Standing more than 62 inches (1.6 meters) tall and weighing about three pounds (1.4 kilograms) at launch, the most detailed reproduction of a Saturn 5 readily available today is 1/70th the size and 1/2,166,666th the weight of the original.
"It's just a matter of scale as far as the rockets are concerned. The laws of physics don't change," said Tim Van Milligan, president of Apogee Components of Colorado Springs, Colo., the company responsible for producing a model rocket that has hobbyists and space enthusiasts alike buzzing with excitement.
Other versions of the rocket exist, mostly as smaller plastic models or as toys. But this version is as faithful to the real thing as possible, designed to look as much like the Saturn 5 that launched Apollo 11 toward the Moon 33 years ago Tuesday as possible, Van Milligan said.
"Finally, someone has taken the time and given the attention to detail that these amazing vehicles deserve," said Wes Oleszewski, a 45-year-old self-described "child of the space program" who used to stay home from school while growing up in Michigan to watch the Saturn 5 launches on television.
"Using common sense, Apogee has created kits that can be flown or displayed or both. They have taken the time to research the actual vehicles and then used that information correctly in creating the kits," said Oleszewski, an author of nine books about Great Lakes shipwrecks who is now producing historical CDs on lifting body research and the Saturn family of rockets.
And what makes this particular Saturn 5 even more interesting is that it is the carefully crafted product of a real rocket scientist who once helped launch Delta 2 boosters.
"I was hired by McDonnell Douglas right out of college as a launch operations engineer. My job was to help see the rocket from the factory, help the engineers get it ready and keep track of things like the schedule and push paperwork," said Van Milligan, a 36-year-old graduate of Embry-Riddle Aeronautical University in Daytona Beach, Fla. After a few years, Van Milligan gave up a reasonably secure job at Cape Canaveral to design flying models instead.
"By the time I left we had launched about 35 Delta 2's and I was looking for a new challenge," Van Milligan said.
Moving west to Colorado, Van Milligan joined Estes Industries -- the aerospace giant of model rocketry -- where he soon designed the wildly successful Skywinder, a rocket that launches normally but instead of popping out a parachute for the "return to Earth" it deploys three blades and "helicopters" to a soft landing.
His reputation for designing quality rocket kits established, he soon struck out on his own and wound up the owner of Apogee Components. Responsible for paying all the bills, Van Milligan decided it was time to expand the product line and do so in a bold fashion with a highly detailed kit.

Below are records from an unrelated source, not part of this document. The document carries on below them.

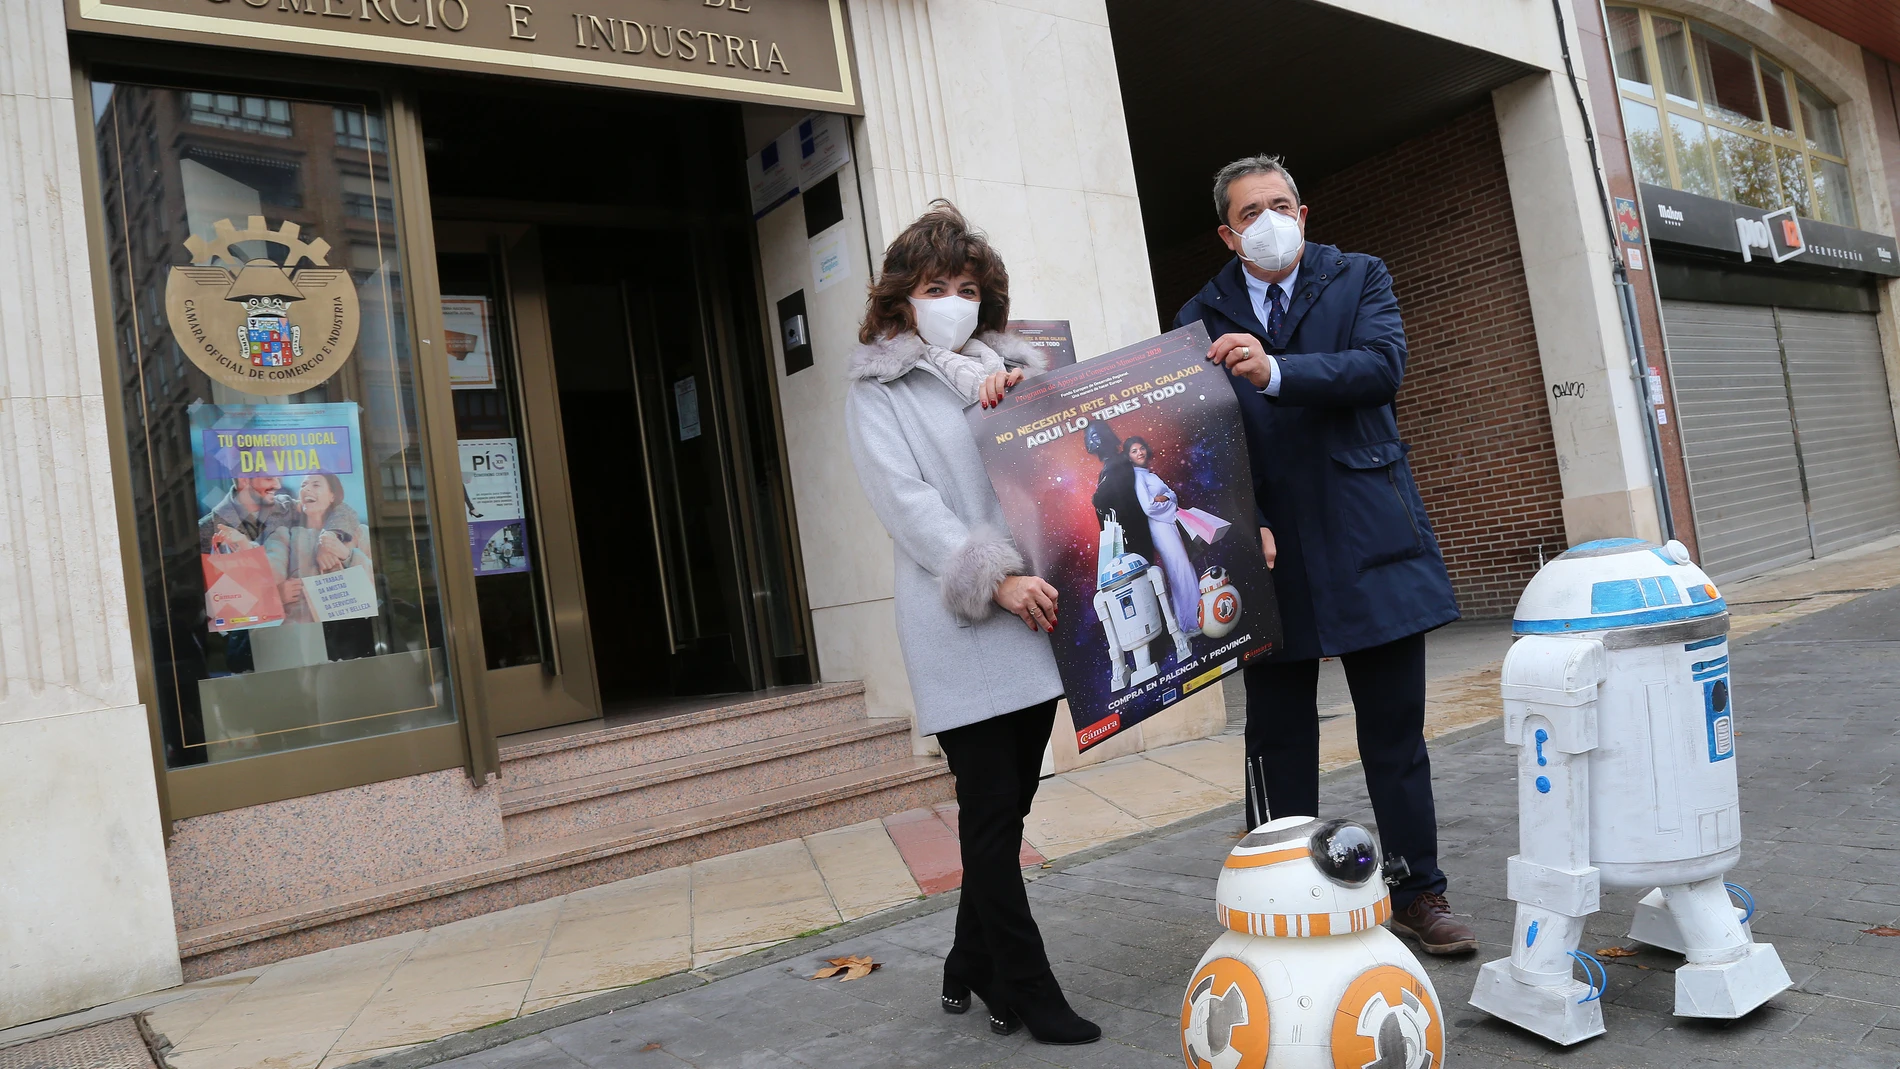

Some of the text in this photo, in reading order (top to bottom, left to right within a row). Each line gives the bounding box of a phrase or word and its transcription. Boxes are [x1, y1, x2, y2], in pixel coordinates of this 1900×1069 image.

[205, 0, 791, 75] RCIO E INDUSTRIA
[1657, 203, 1685, 222] Mahou
[1808, 244, 1864, 262] CERVECERÍA
[204, 343, 245, 375] OFICIAL
[250, 369, 264, 380] DE
[268, 353, 325, 380] COMERCIO
[321, 345, 333, 356] E
[327, 296, 344, 347] INDUSTRIA
[1015, 387, 1048, 403] Programa
[1048, 383, 1057, 391] de
[1057, 376, 1079, 389] Apoyo
[1086, 364, 1116, 378] Comercio
[1116, 354, 1147, 369] Minorista
[1147, 347, 1162, 357] 2020
[995, 364, 1204, 445] NO NECESITAS IRTE A OTRA GALAXIA
[1026, 381, 1187, 449] AQUI LO TIENES TODO
[217, 431, 338, 448] TU COMERCIO LOCAL
[240, 448, 322, 473] DA VIDA
[322, 575, 344, 586] TRABAJO
[326, 582, 347, 593] AMISTAD
[329, 591, 350, 602] RIQUEZA
[333, 598, 358, 609] SERVICIOS
[350, 602, 371, 614] BELLEZA
[1243, 642, 1273, 662] Cámara
[1108, 688, 1145, 710] COMPRA
[1146, 682, 1158, 692] EN
[1159, 660, 1199, 685] PALENCIA
[1200, 655, 1208, 664] Y
[1209, 633, 1252, 660] PROVINCIA
[1080, 718, 1118, 745] Cámara

The choice of rocket was a no-brainer.
"We needed a rocket that was easily recognized, something that everybody knew and loved. And the Saturn 5 was at the top of the list," Van Milligan said. "Only one rocket put man on the Moon and that was the Saturn 5."
Thirteen of the boosters flew from 1967 to 1973, all successfully. Ten flew with astronauts onboard, while three flew unmanned -- Apollo's 4 and 6 were test flights while the final Saturn 5 to fly was a modified two-stage version that carried the Skylab orbital workshop into Earth orbit.

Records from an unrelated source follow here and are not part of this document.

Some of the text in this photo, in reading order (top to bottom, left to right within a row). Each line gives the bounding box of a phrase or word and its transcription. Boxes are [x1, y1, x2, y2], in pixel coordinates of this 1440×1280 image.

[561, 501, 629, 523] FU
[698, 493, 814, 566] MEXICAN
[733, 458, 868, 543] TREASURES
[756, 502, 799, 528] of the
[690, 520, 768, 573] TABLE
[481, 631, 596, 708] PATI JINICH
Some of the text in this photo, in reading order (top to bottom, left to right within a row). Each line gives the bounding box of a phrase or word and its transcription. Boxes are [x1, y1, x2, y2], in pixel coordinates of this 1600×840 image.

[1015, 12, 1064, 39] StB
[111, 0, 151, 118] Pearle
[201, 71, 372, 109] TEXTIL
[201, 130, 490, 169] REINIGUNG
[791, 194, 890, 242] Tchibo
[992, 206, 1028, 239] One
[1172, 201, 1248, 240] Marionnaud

Five of the smaller, two-stage Saturn 1B rockets were used on Apollo 7, the three Skylab expeditions and the 1975 Apollo-Soyuz Test Project. Many more Saturn 1 and 1Bs were flown on tests.
Enough components were built to fly three more Saturn 5's, but their flights were cancelled and the various stages all wound up in different places and assembled to present three full-sized historical exhibits in Florida, Texas and Alabama.

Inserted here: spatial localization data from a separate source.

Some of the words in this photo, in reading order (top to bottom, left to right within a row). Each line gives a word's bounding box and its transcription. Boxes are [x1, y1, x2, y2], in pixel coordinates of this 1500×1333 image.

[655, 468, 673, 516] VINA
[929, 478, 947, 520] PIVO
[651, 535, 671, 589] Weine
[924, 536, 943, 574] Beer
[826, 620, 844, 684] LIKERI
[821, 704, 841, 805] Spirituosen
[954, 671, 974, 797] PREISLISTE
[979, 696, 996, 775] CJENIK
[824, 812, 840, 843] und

However, there's more to the Saturn 5 than "just" its place in the history books. After almost three decades since its last launch, the memory of the 363-foot-tall, three-stage monster booster still evokes a basic sense of wonder among those who were alive when they flew, said Brian Nicklas, a deputy reference chief at the archives of the National Air and Space Museum in Washington, D.C.
"The Apollo-Saturn combination looks like a rocket should when you go deep down in our memories," Nicklas said. "We can't help but have thoughts based on inept science fiction movies and tawdry novellas, but we do. Saturn may not have had huge fins, but it is sleek and shiny white, and it produced lots and lots of flames."
That same sense of awe turned almost religious for those who witnessed Saturn 5's power and glory in person.
"There is nothing else like it short of perhaps witnessing a thermonuclear blast from minimal distance," said Marc "Moose" Lavigne, who saw five Saturn 5 rockets take flight. "Graceful yet powerful. Magnificent and functional. Mesmerizing and beautiful. Yet, those words don't do it justice. It was simply unforgettable."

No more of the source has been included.